§ **Extracted data**:
=== Section Start ===

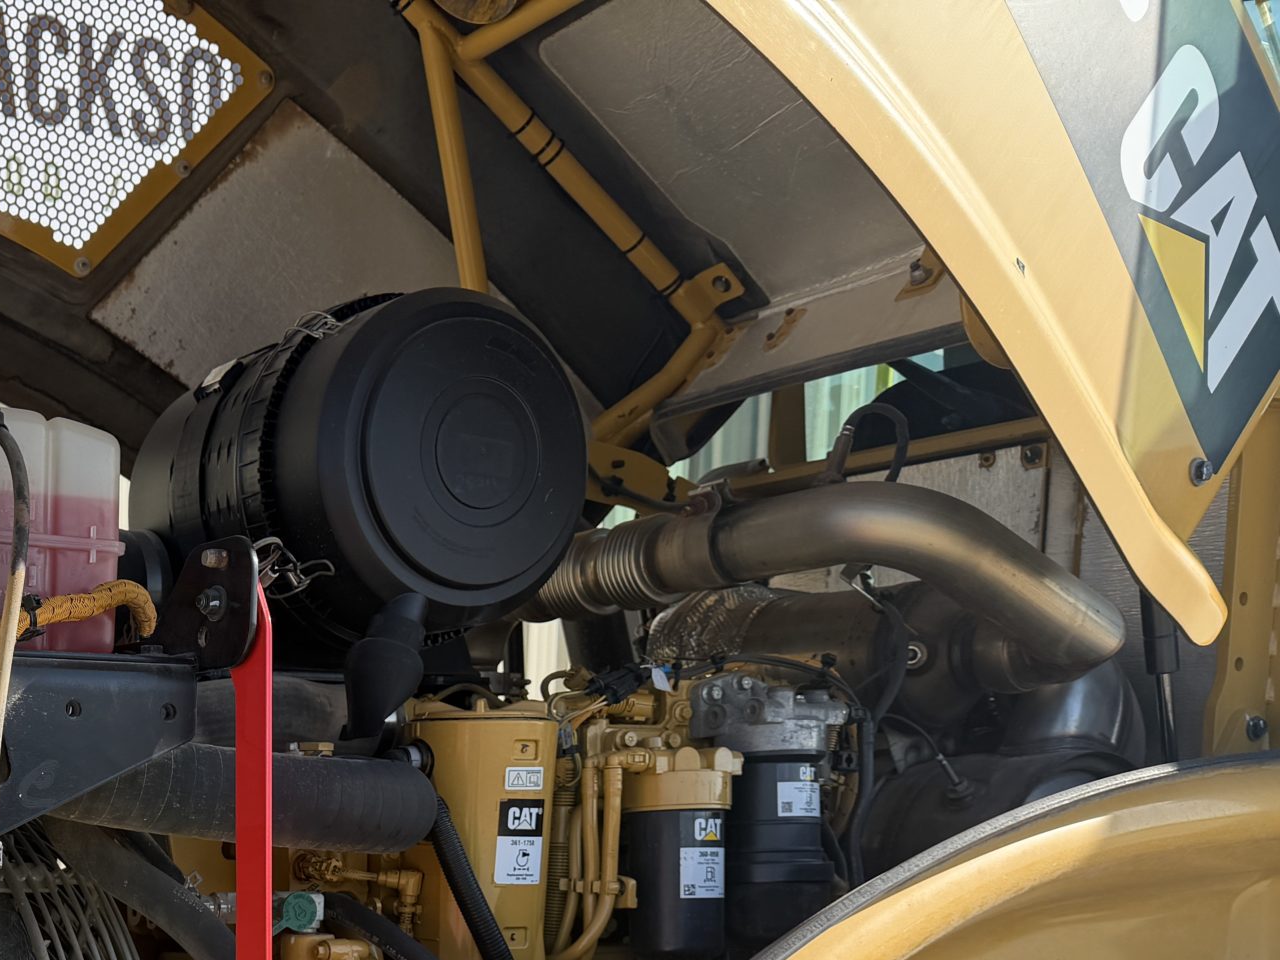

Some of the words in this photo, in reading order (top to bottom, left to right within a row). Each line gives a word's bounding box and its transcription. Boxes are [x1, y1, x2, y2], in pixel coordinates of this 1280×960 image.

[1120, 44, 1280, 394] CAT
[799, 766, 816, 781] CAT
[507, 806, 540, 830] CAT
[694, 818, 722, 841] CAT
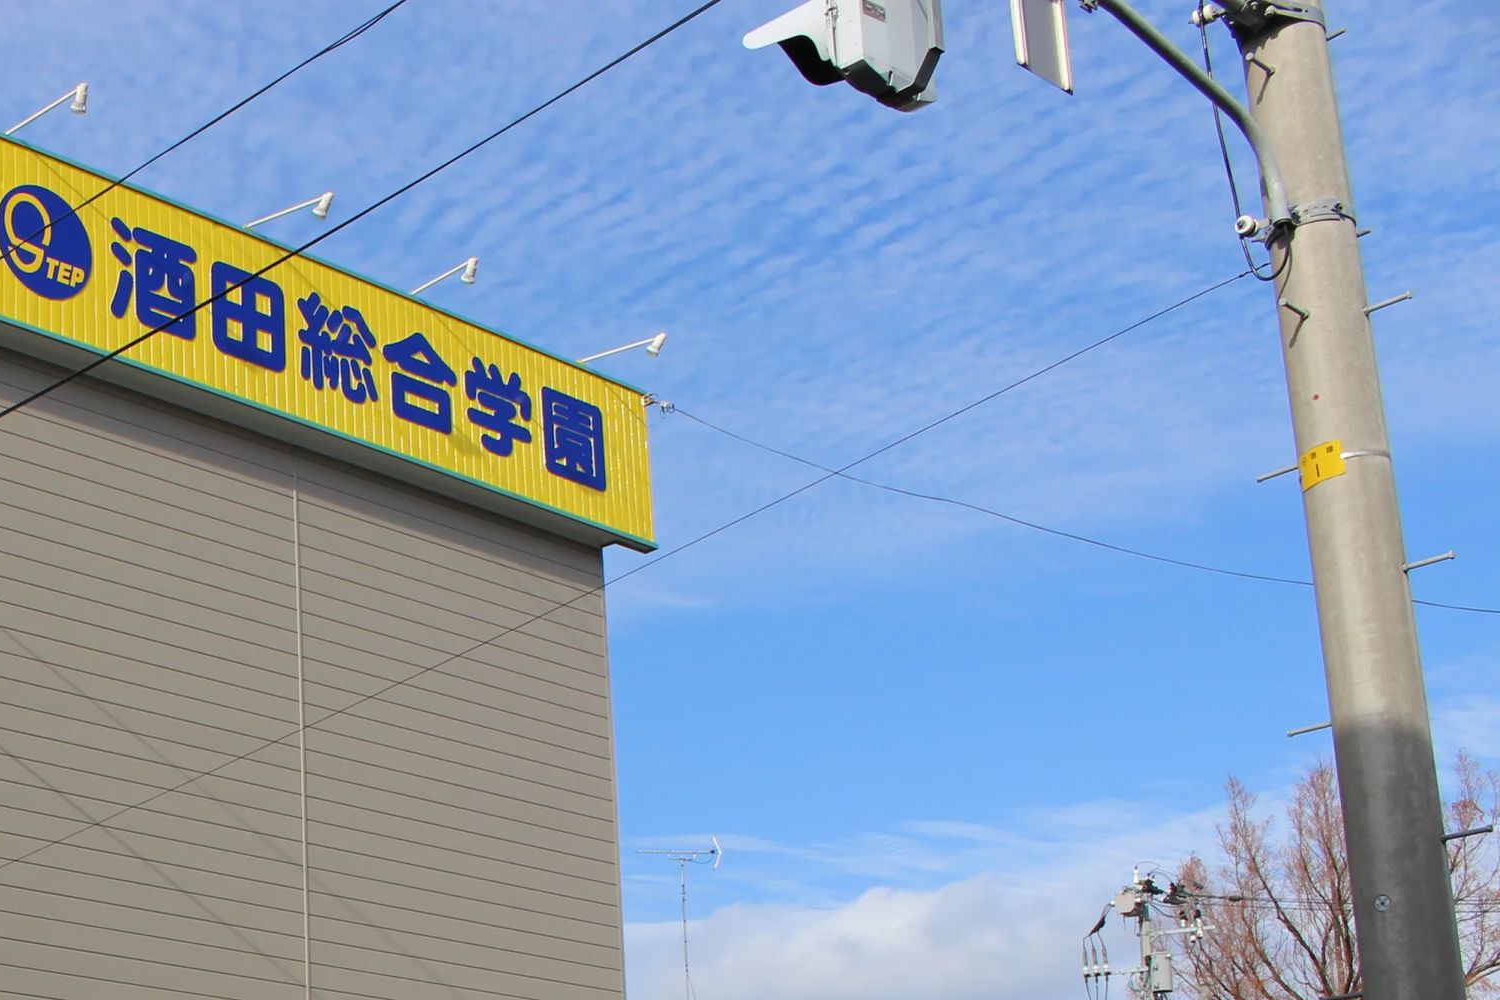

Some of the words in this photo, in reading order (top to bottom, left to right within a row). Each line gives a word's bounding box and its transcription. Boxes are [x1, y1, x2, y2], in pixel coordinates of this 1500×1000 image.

=== Section End ===
=== Section Start ===

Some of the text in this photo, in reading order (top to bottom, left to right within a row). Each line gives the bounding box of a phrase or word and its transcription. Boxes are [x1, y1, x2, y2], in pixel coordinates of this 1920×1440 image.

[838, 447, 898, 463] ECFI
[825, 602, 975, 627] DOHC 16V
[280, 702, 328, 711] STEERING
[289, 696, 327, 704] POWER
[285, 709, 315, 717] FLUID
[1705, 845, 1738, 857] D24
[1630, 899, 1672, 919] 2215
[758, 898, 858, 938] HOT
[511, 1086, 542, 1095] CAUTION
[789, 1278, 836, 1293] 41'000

=== Section End ===
=== Section Start ===

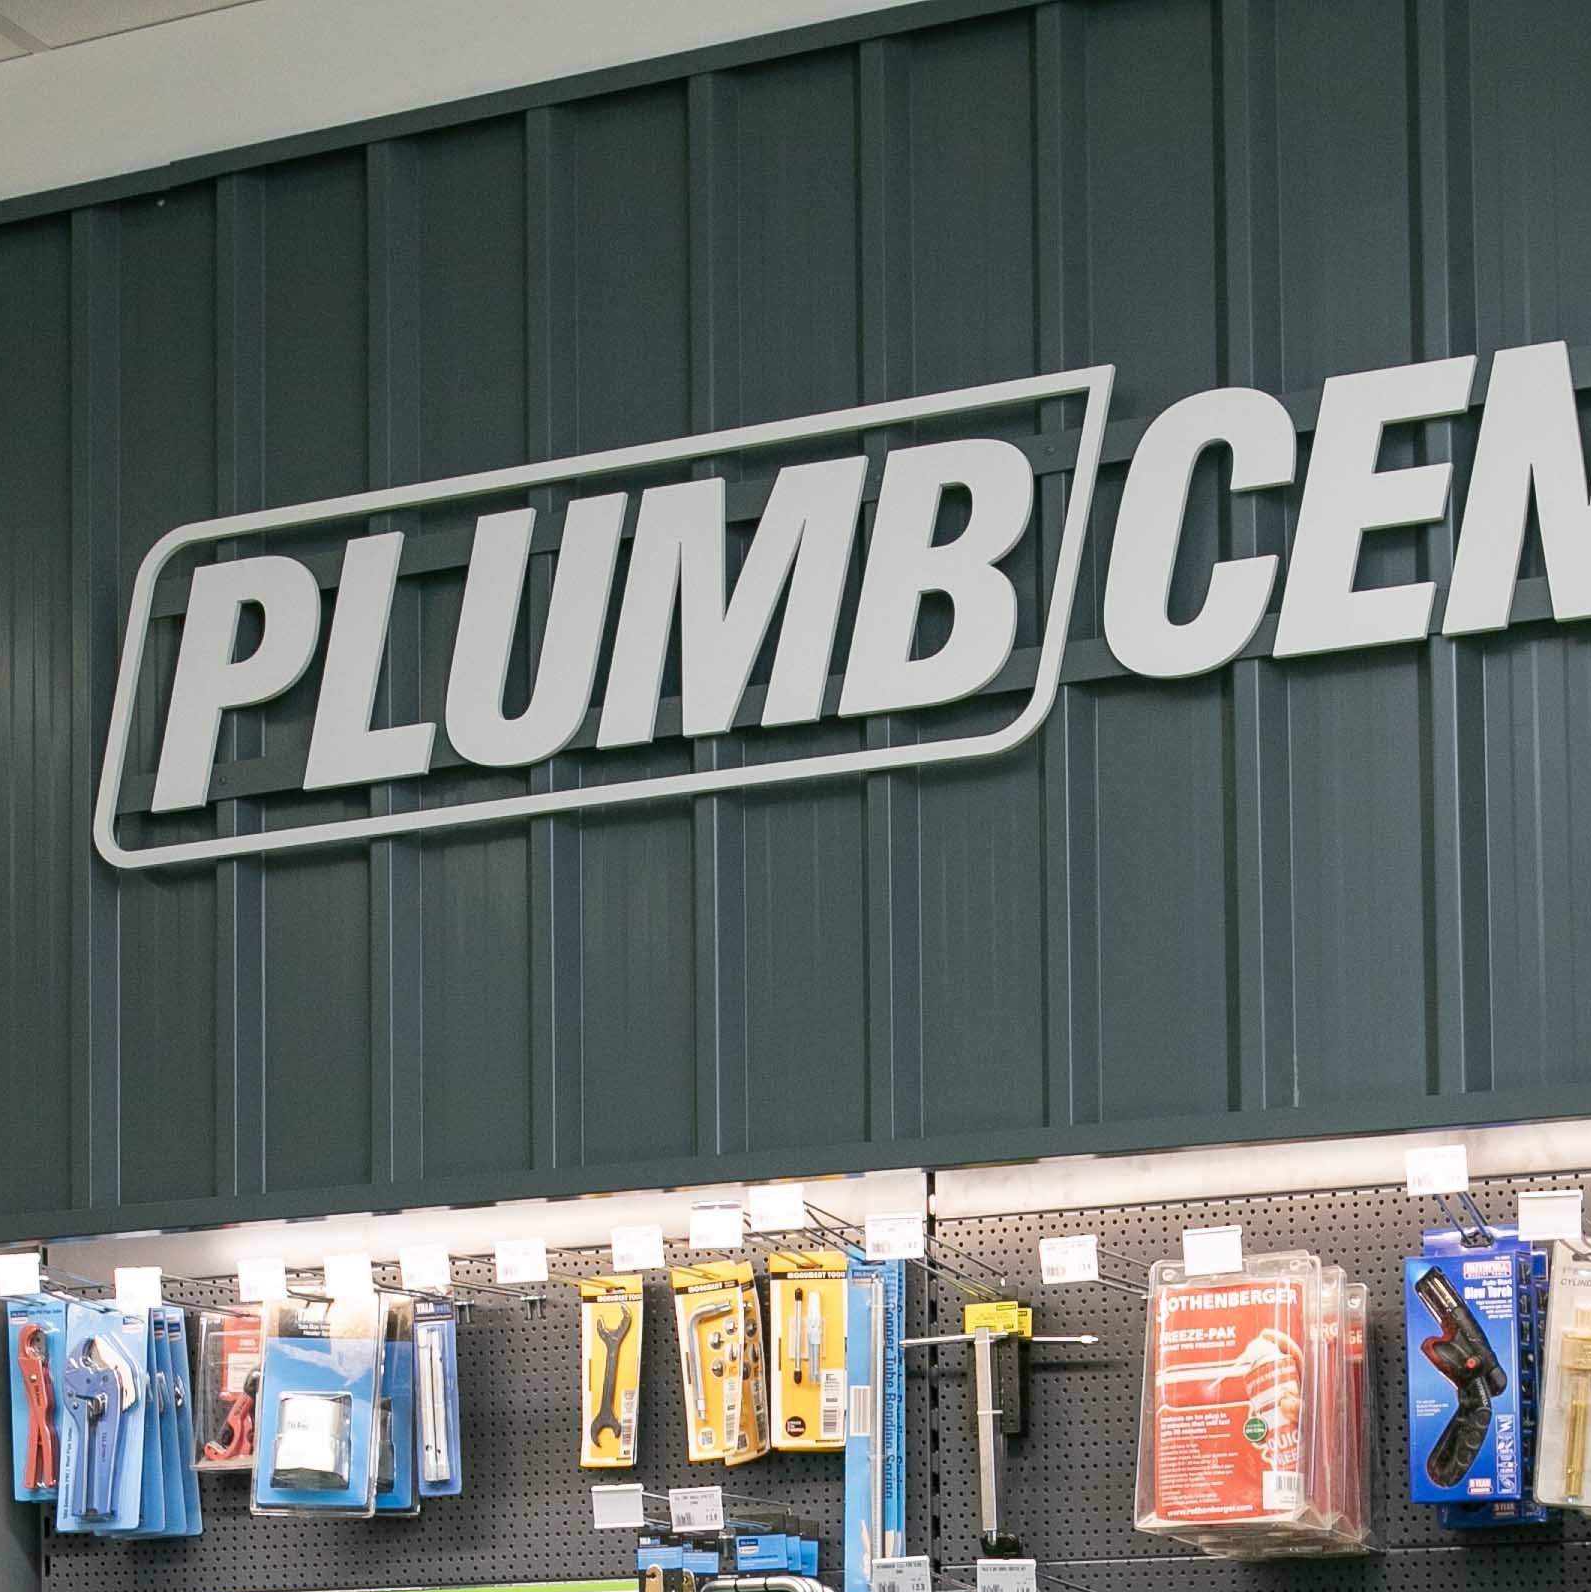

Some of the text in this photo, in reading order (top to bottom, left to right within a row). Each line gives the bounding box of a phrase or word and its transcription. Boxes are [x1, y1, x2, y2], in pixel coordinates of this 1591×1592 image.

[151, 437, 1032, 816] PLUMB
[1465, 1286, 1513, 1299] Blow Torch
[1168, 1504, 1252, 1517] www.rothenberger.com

=== Section End ===

§ **Exercise goal**: Your answer must be the lines above from the one holding "this 1280×960 image." up to and including the one holding "this 1500×1000 image.", exact and with no pictures.

§ **Answer to this task**:
Some of the words in this photo, in reading order (top to bottom, left to right within a row). Each line gives a word's bounding box and its transcription. Boxes are [x1, y1, x2, y2], in pixel coordinates of this 1280×960 image.

[1120, 44, 1280, 394] CAT
[799, 766, 816, 781] CAT
[507, 806, 540, 830] CAT
[694, 818, 722, 841] CAT

Some of the words in this photo, in reading order (top to bottom, left to right within a row). Each line gives a word's bounding box and its transcription. Boxes are [x1, y1, x2, y2], in pixel coordinates of this 1500×1000 image.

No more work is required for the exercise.